:: Brief ::
Every entry must be repeated exactly. Exclude all pictures.

:: Materials provided ::
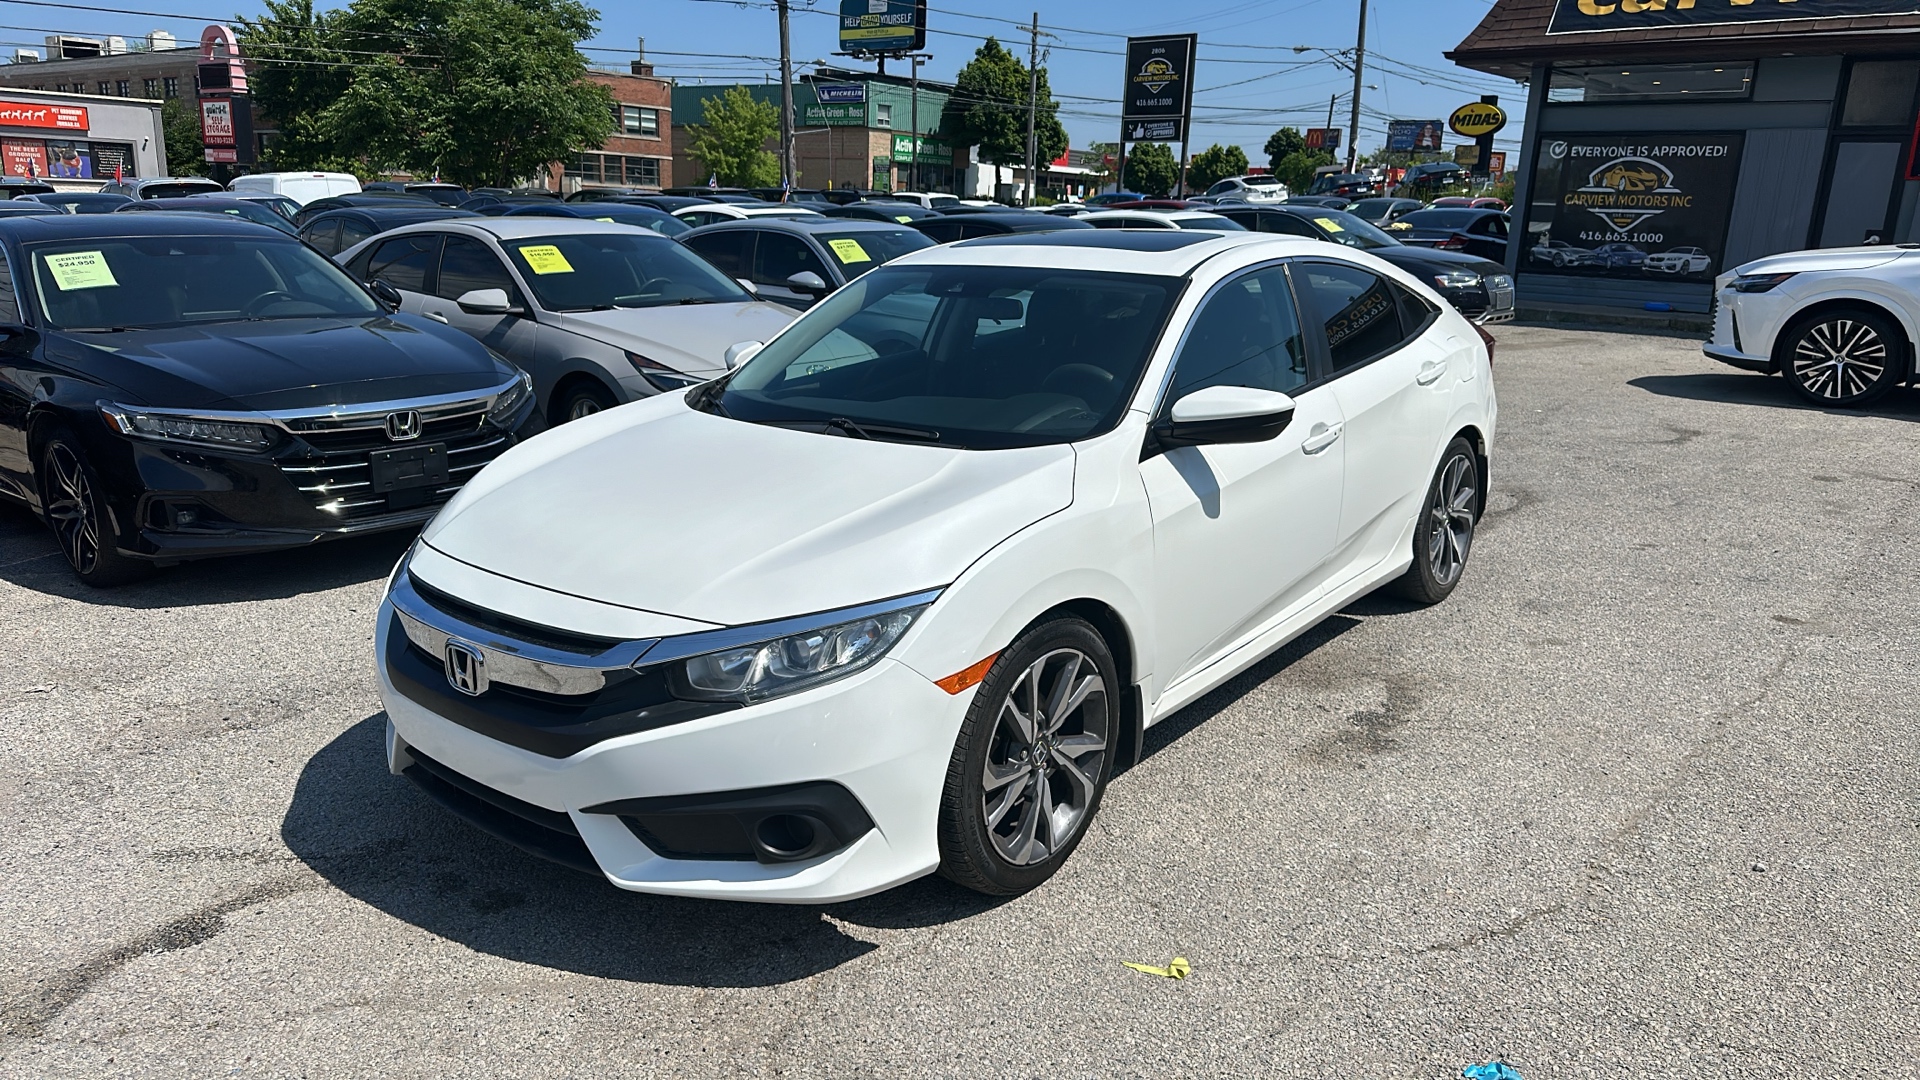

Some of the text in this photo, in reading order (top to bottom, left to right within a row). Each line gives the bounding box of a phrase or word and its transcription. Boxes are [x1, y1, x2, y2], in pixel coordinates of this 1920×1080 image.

[844, 17, 860, 27] HELP
[880, 13, 912, 24] YOURSELF
[1151, 47, 1166, 55] 2806
[1133, 75, 1152, 83] CARVIEW
[1153, 74, 1171, 82] MOTORS
[1136, 97, 1173, 107] 416.665.1000
[826, 107, 845, 118] Green
[848, 107, 864, 118] Ross
[211, 115, 223, 125] SELF
[1453, 112, 1500, 127] MIDAS
[206, 125, 231, 134] STORAGE
[895, 138, 913, 153] Activ
[916, 140, 934, 155] Green
[939, 143, 953, 156] Ross
[1571, 145, 1728, 157] EVERYONE IS APPROVED!
[1564, 194, 1693, 208] CARVIEW MOTORS INC
[1579, 231, 1664, 243] 416.665.1000
[55, 254, 95, 262] CERTIFIED
[58, 260, 96, 268] $24,950
[967, 815, 992, 869] Cinturato
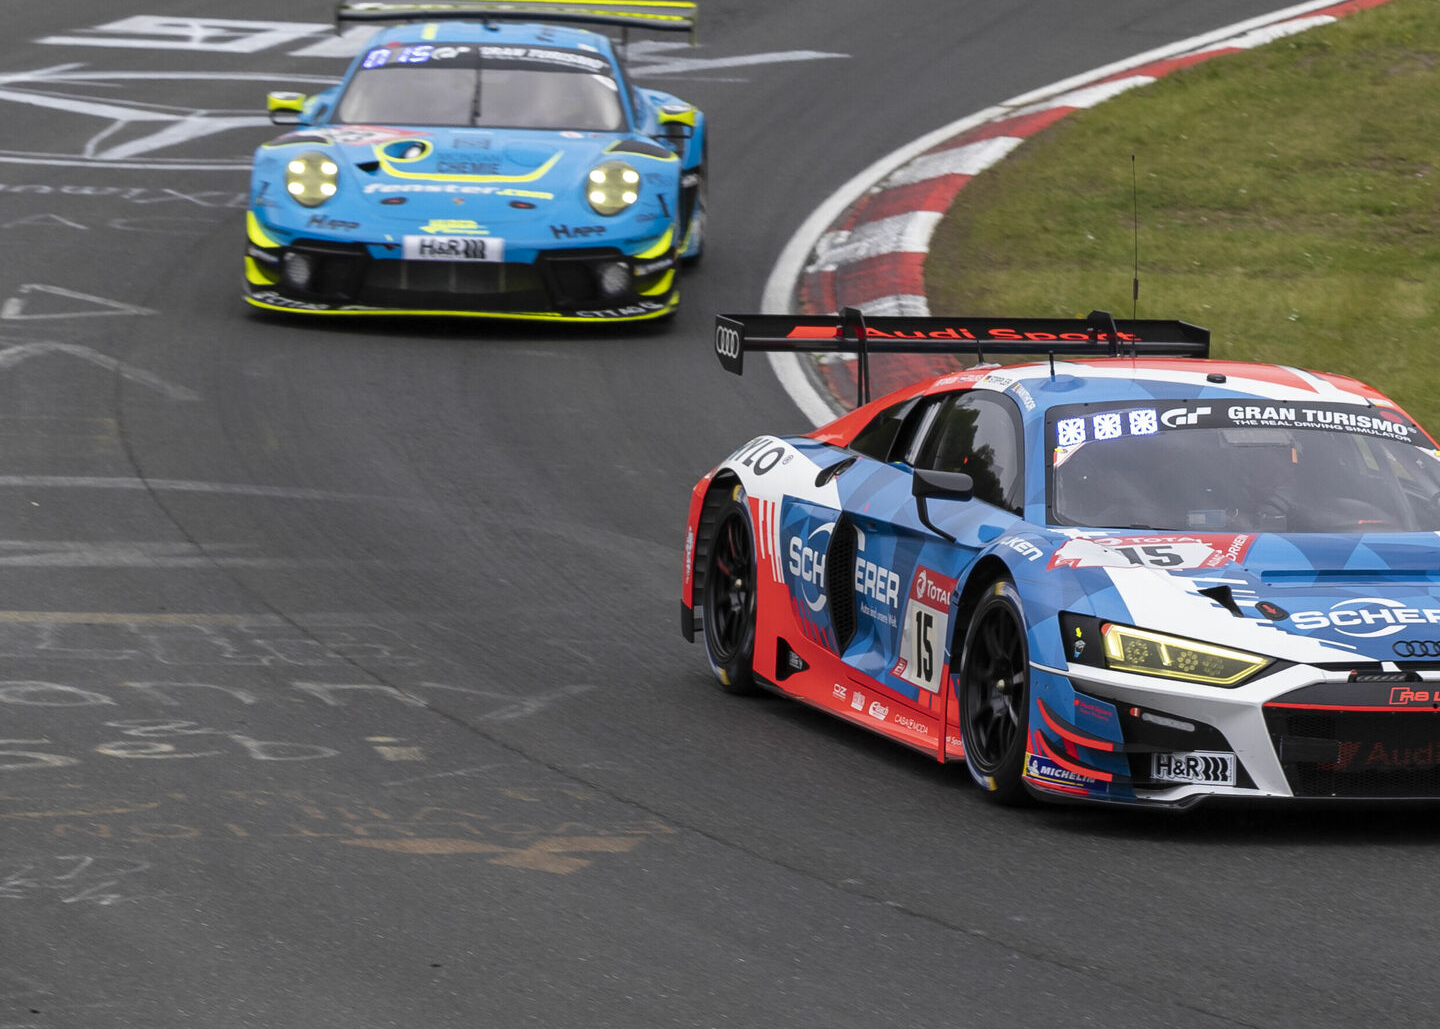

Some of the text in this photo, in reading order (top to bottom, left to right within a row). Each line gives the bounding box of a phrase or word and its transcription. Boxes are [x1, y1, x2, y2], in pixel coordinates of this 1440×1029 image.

[866, 327, 976, 340] Audi
[1228, 406, 1408, 436] GRAN TURISMO
[1293, 421, 1343, 431] DRIVING
[1344, 425, 1412, 443] SIMULATOR
[1115, 545, 1184, 567] 15
[915, 610, 933, 683] 15
[1157, 755, 1199, 778] H&R
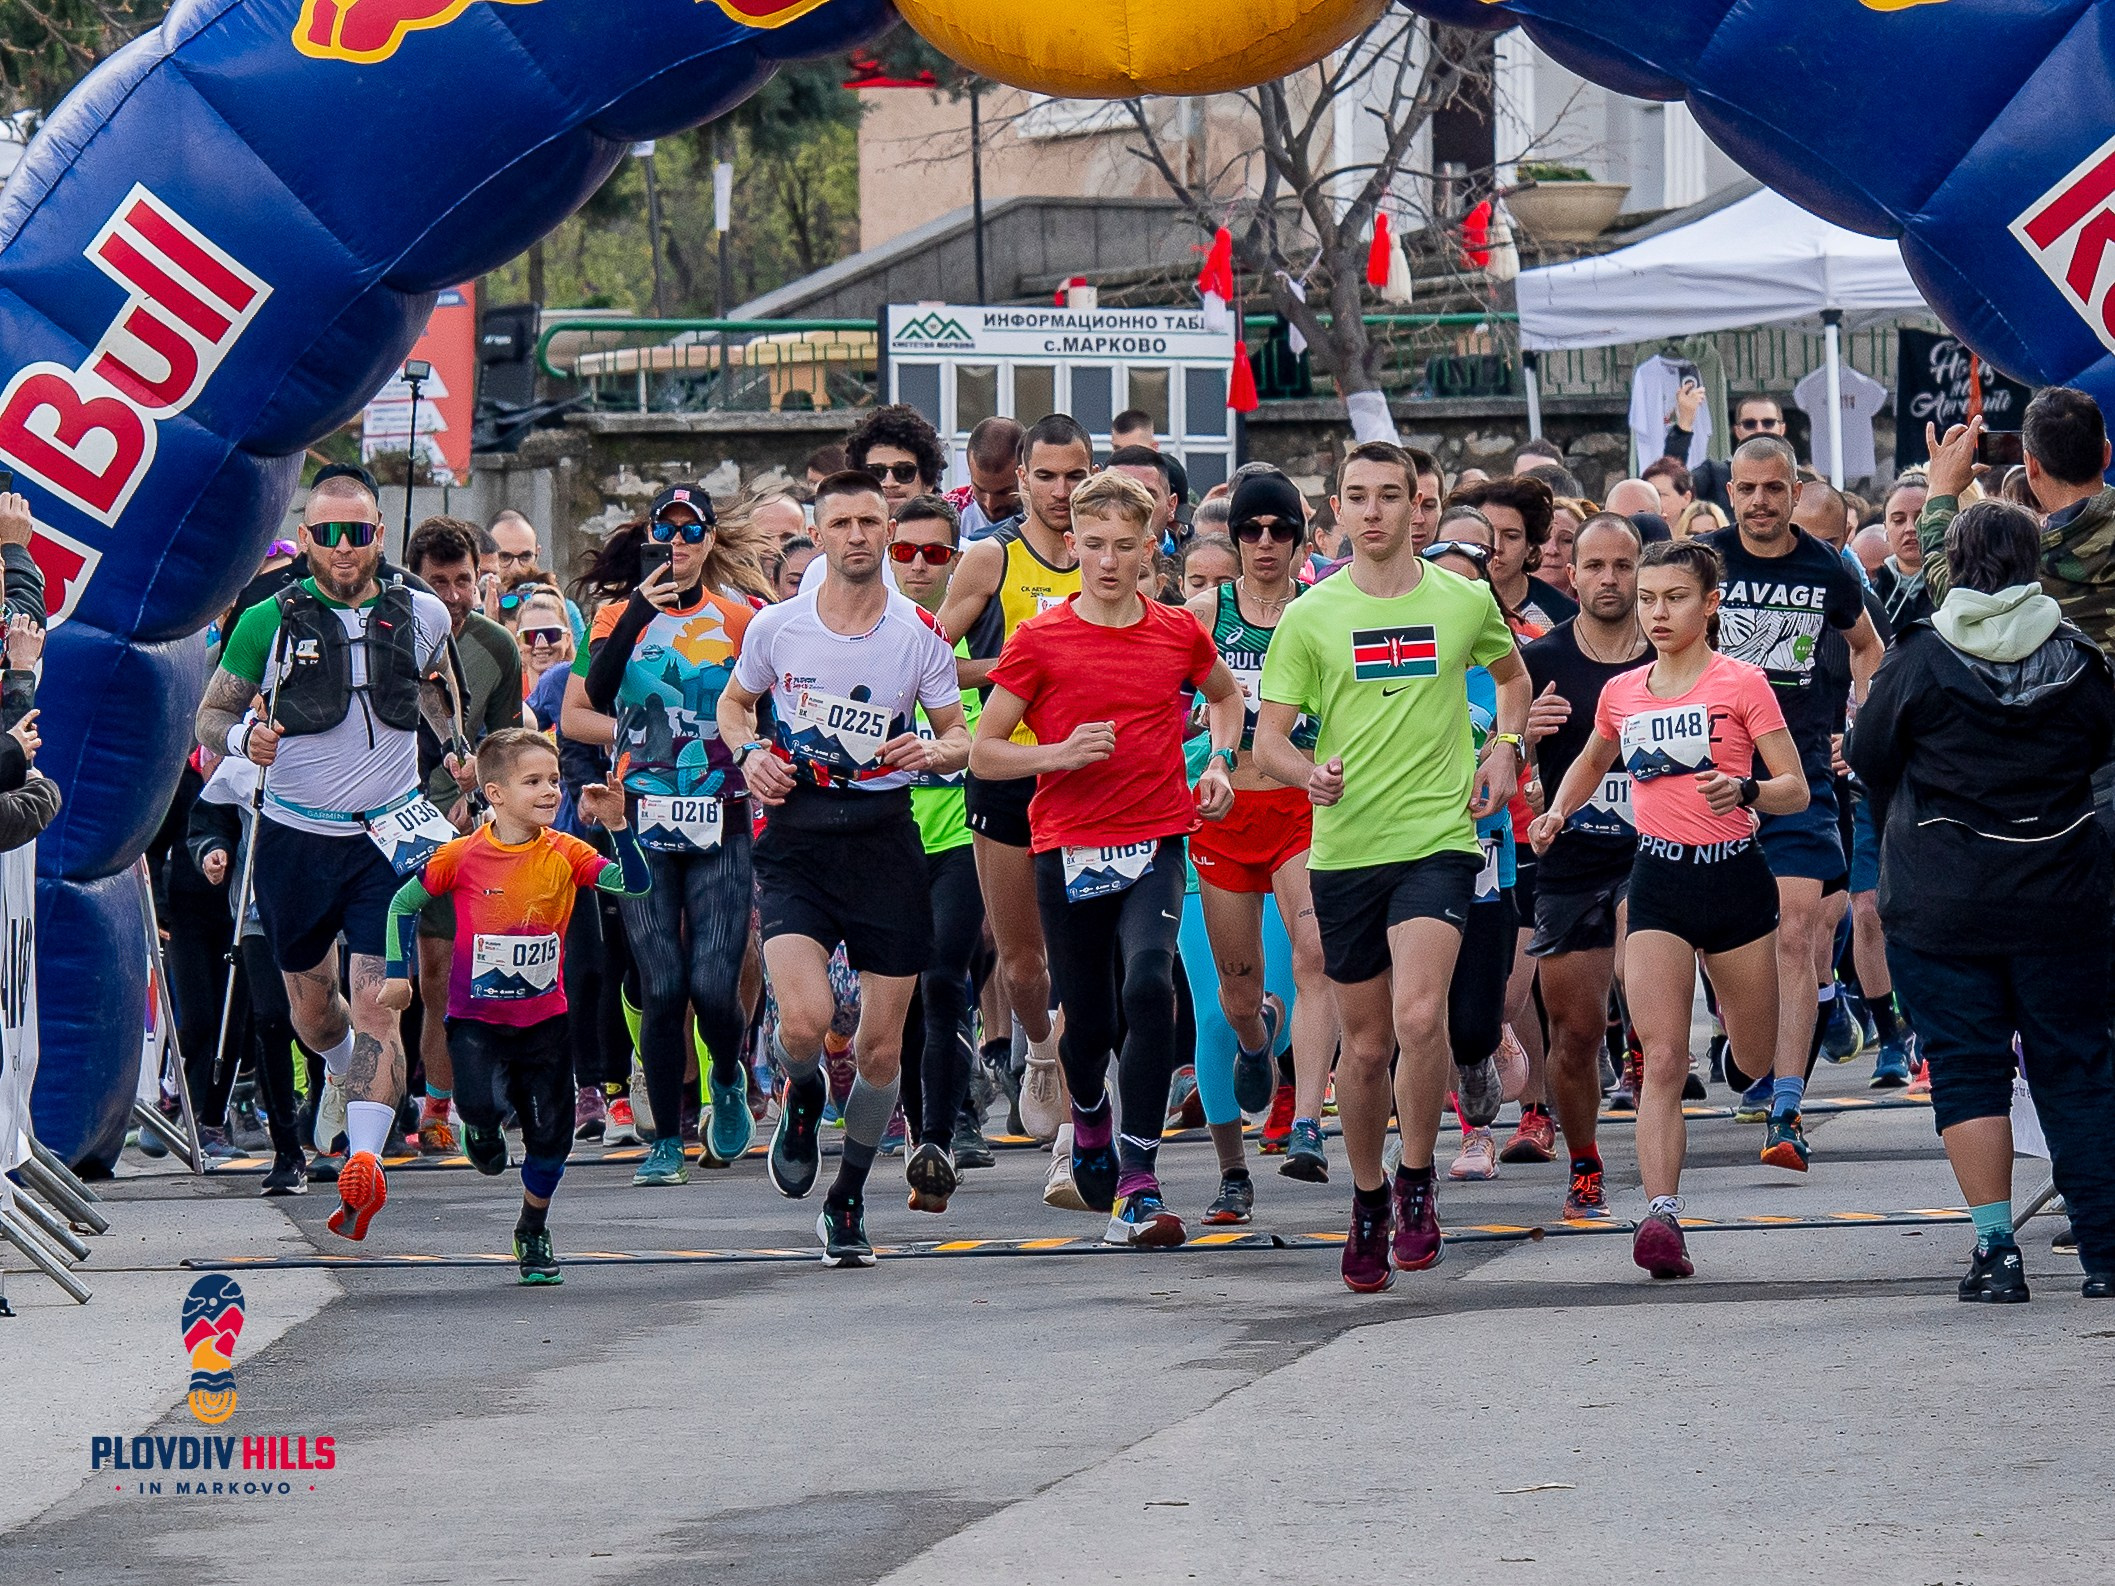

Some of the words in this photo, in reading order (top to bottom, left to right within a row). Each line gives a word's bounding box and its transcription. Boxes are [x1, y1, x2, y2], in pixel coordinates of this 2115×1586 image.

[983, 312, 1158, 331] ИНФОРМАЦИОННО
[0, 183, 270, 525] Bull
[1043, 336, 1167, 354] с.МАРКОВО
[1718, 580, 1827, 609] SAVAGE
[827, 704, 886, 738] 0225
[1651, 711, 1703, 742] 0148
[1605, 779, 1633, 803] 01
[307, 810, 345, 820] GARMIN
[1640, 834, 1684, 861] PRO
[1693, 838, 1750, 865] NIKE
[512, 937, 558, 967] 0215

:: Exercise result ::
Some of the text in this photo, in reading order (top to bottom, left to right within a row). Each line gives the bounding box of a phrase or word and its transcription. Boxes are [x1, y1, x2, y2], in pixel coordinates of this 1920×1080 image.

[844, 17, 860, 27] HELP
[880, 13, 912, 24] YOURSELF
[1151, 47, 1166, 55] 2806
[1133, 75, 1152, 83] CARVIEW
[1153, 74, 1171, 82] MOTORS
[1136, 97, 1173, 107] 416.665.1000
[826, 107, 845, 118] Green
[848, 107, 864, 118] Ross
[211, 115, 223, 125] SELF
[1453, 112, 1500, 127] MIDAS
[206, 125, 231, 134] STORAGE
[895, 138, 913, 153] Activ
[916, 140, 934, 155] Green
[939, 143, 953, 156] Ross
[1571, 145, 1728, 157] EVERYONE IS APPROVED!
[1564, 194, 1693, 208] CARVIEW MOTORS INC
[1579, 231, 1664, 243] 416.665.1000
[55, 254, 95, 262] CERTIFIED
[58, 260, 96, 268] $24,950
[967, 815, 992, 869] Cinturato

Some of the text in this photo, in reading order (top to bottom, left to right within a row). Each line gives the bounding box of a phrase or word and its transcription. Boxes are [x1, y1, x2, y2], in pixel coordinates of this 1440×1029 image.

[866, 327, 976, 340] Audi
[1228, 406, 1408, 436] GRAN TURISMO
[1293, 421, 1343, 431] DRIVING
[1344, 425, 1412, 443] SIMULATOR
[1115, 545, 1184, 567] 15
[915, 610, 933, 683] 15
[1157, 755, 1199, 778] H&R

Some of the words in this photo, in reading order (top to bottom, left to right within a row). Each line gives a word's bounding box and its transcription. Boxes are [x1, y1, x2, y2], in pixel coordinates of this 2115×1586 image.

[983, 312, 1158, 331] ИНФОРМАЦИОННО
[0, 183, 270, 525] Bull
[1043, 336, 1167, 354] с.МАРКОВО
[1718, 580, 1827, 609] SAVAGE
[827, 704, 886, 738] 0225
[1651, 711, 1703, 742] 0148
[1605, 779, 1633, 803] 01
[307, 810, 345, 820] GARMIN
[1640, 834, 1684, 861] PRO
[1693, 838, 1750, 865] NIKE
[512, 937, 558, 967] 0215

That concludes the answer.